Fernando Jáuregui – Siete días trepidantes – A tapar la calle.


MADRID, 25 (OTR/PRESS)

La exageración y el cainismo son, es de temer, características que van unidas al concepto de las dos Españas. No sin exageración se ha afirmado que la izquierda, representada por el Partido Socialista, se ha lanzado «a tomar la calle» ante su impotencia en las urnas (lo ha sugerido ¡hasta un ministro!). No sin cainismo, desde ámbitos de la oposición, se está pretendiendo acusar al Ejecutivo de Rajoy de pretender «arrollar» desde su mayoría absoluta y de desoír «las voces de la calle». Mala cosa.

Sí, mala cosa cuando la calle se erige en protagonista. Hasta en el «caso Urdangarin» ese breve trozo de asfalto que separa al coche de la puerta de los juzgados de Palma se ha llevado titulares sin fin. Han sido estos, que comenzaron con los ecos de las manifestaciones del pasado domingo en protesta contra la reforma laboral, y concluyeron sin el «paseíllo» al que se pretendía condenar, como pena infamante suplementaria, al yerno del Rey, siete días trepidantes en los que el poder ha descendido a las calles. Días aciagos en los que se ha hablado, y mucho, de la actuación policial en Valencia, pero también de los cristales rotos, por una bola de acero lanzada desde la acera, en la sede del Partido Popular en la calle Génova de Madrid.

Yo no me atrevo a acusar al Partido Socialista de estar tras las manifestaciones de los estudiantes valencianos -con o sin presencia de lo que algunos medios llamaron «profesionales de la violencia»-. Ni en las algaradas, pienso que intolerables, frente a las sedes del PP. Bastante tiene el PSOE, aún algo desnortado, con preocuparse de los congresos regionales que le vienen. De la misma manera que tampoco pienso que el Gobierno, o sus delegados, hayan instigado la actuación ordenada contra los estudiantes (de acuerdo: seguramente había infiltrados «profesionales del ruido») por el jefe de policía de Valencia, a quien ya se le cuelgan «condecoraciones» parecidas cuando eran otros los que gobernaban en Moncloa.

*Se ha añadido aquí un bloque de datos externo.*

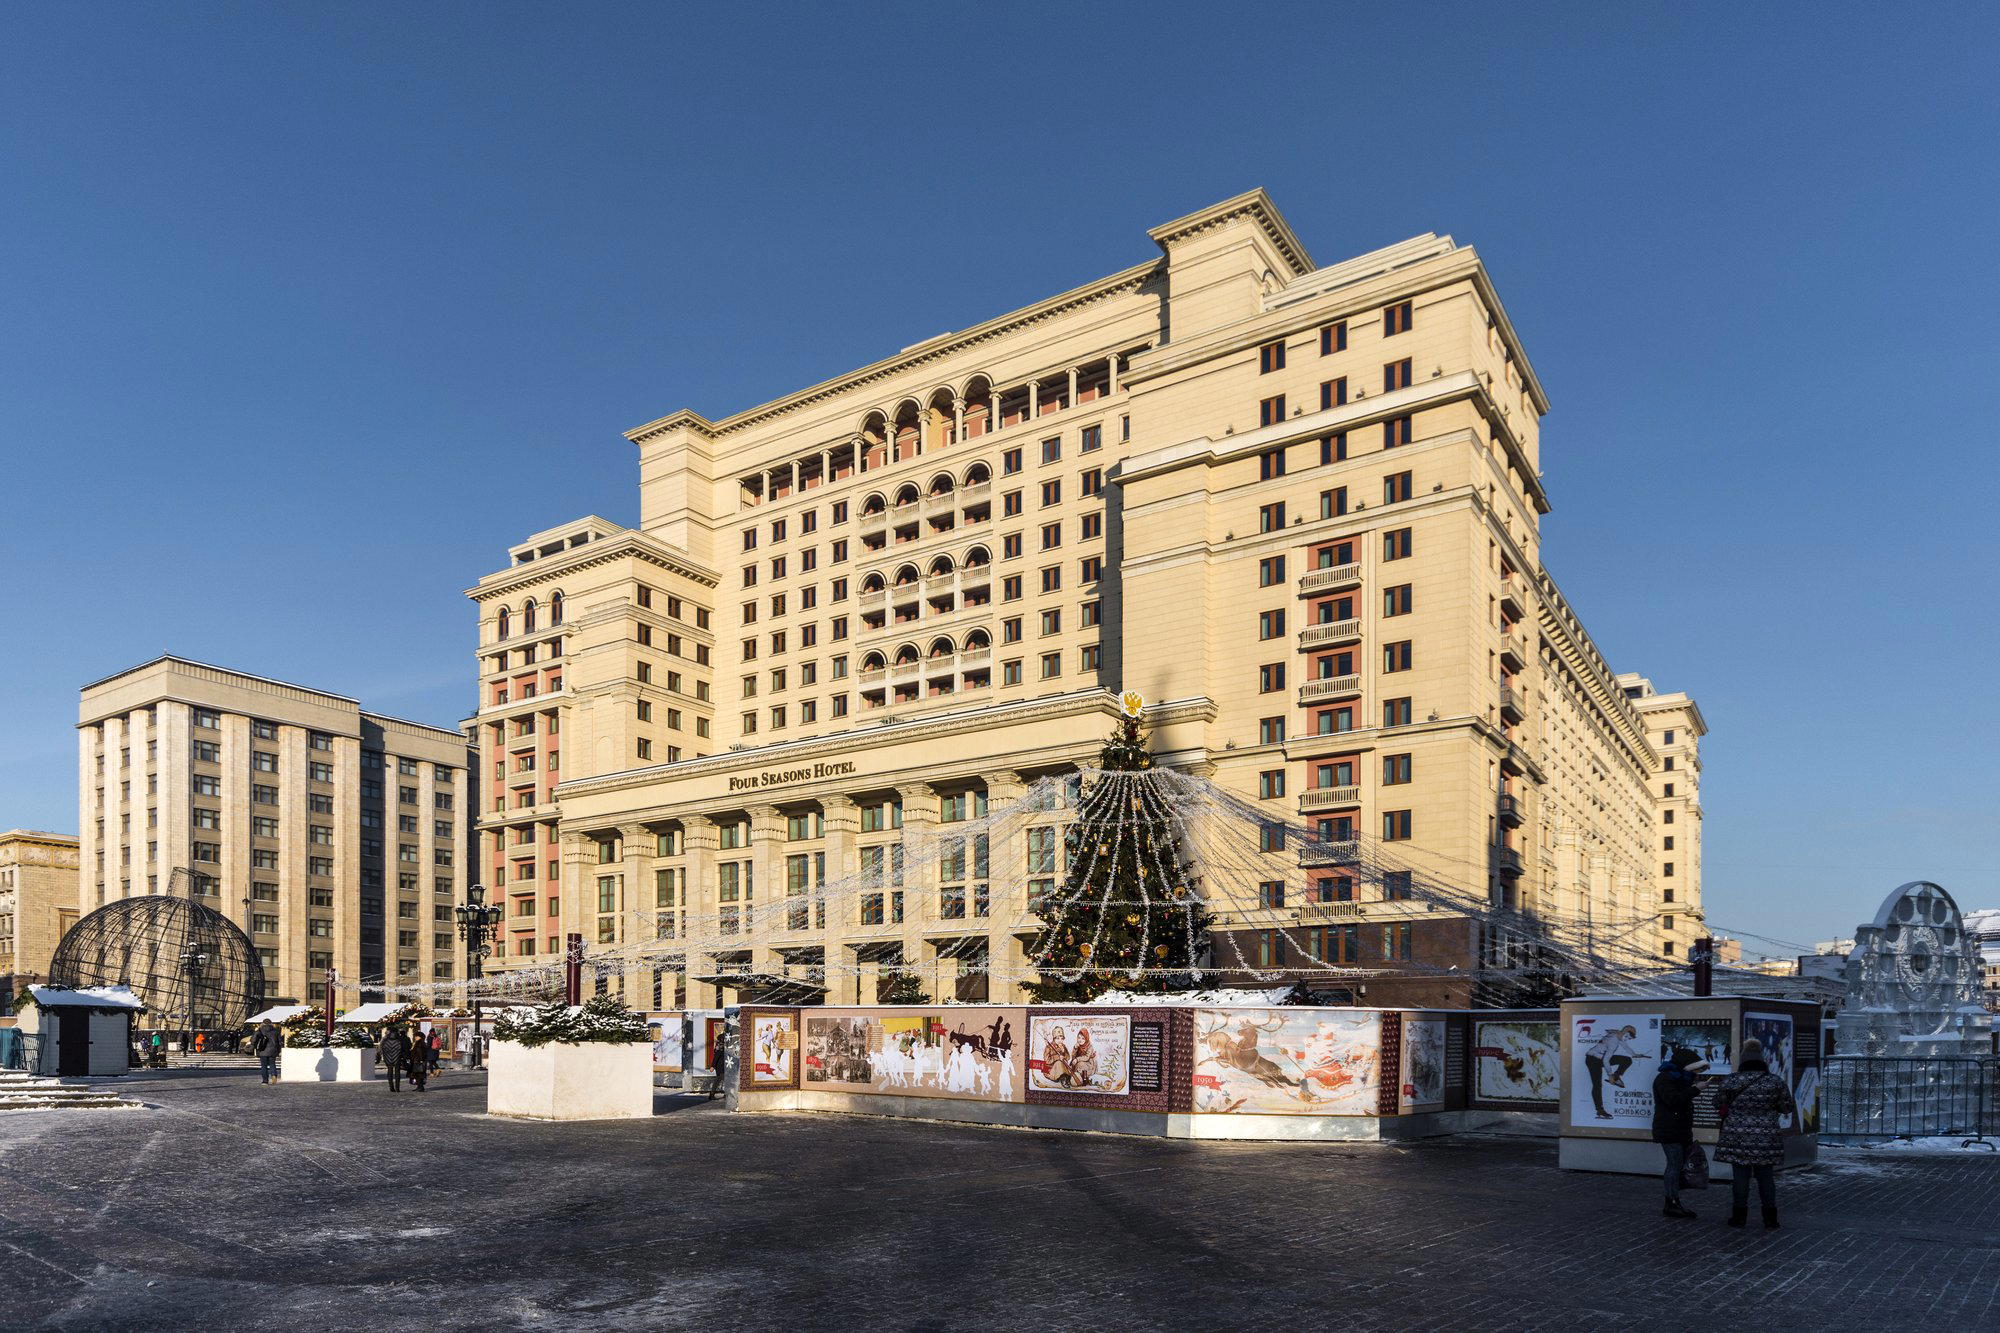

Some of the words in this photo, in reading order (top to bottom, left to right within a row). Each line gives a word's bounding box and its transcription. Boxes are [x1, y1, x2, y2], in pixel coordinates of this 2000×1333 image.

Lo que sí es indudable es que hay un hartazgo y un desconcierto generalizados y que favorecen actuaciones incontroladas, sean de los «indignados», sean de los antisistema varios, sean de colectivos que no ven las cosas claras y sí ven, en cambio, demasiadas amenazas en el horizonte. Vivimos una etapa de cambios muy rápidos: todo se nos anuncia con demasiada aceleración y puede que la participación de los ciudadanos a la hora de planificar reformas, ajustes y recortes sea excesivamente escasa. Falta diálogo en los despachos oficiales -y desde luego, no acuso en exclusiva al Gobierno de ello, ni tampoco exclusivamente a la oposición o a los agentes sociales-, falta debate con la sociedad civil. Y entonces, claro está, la calle.

Entiendo que esto es justamente lo contrario de lo que se necesita. Frente a quienes piden unos nuevos pactos de La Moncloa, nos hallamos ante nuevas convocatorias de protestas. Contra quienes hablan de la necesidad de acordar las medidas duras que parece que inevitablemente nos vienen, nos encontramos con un lenguaje belicista y con el sonido de los tambores de guerra. Aquí nadie quiere ser Grecia, ni parecerse remotamente al país heleno, y resulta que propiciamos, pongamos Valencia por ejemplo, imágenes que mucho nos recuerdan a las lamentables algaradas en Atenas.

España está crispada, y ello se nota hasta en las reacciones que suscitan noticias como el a mi entender justificable «no paseíllo» de Urdangarin o un relevo judicial en la Audiencia Nacional que, como ocurrió con el «caso Garzón», muchos quieren resolver simplificándolo como una confrontación izquierda-derecha. La izquierda no puede ser -no lo es- la calle, ni la derecha -tampoco es eso- los despachos del poder, impermeables, sordos al clamor y atrancados por dentro. No es eso, no es eso. Hay resúmenes de lo ocurrido en la semana que resultan más dolorosos, por lo negativo, que otros. Este ha sido, me temo, uno de ellos.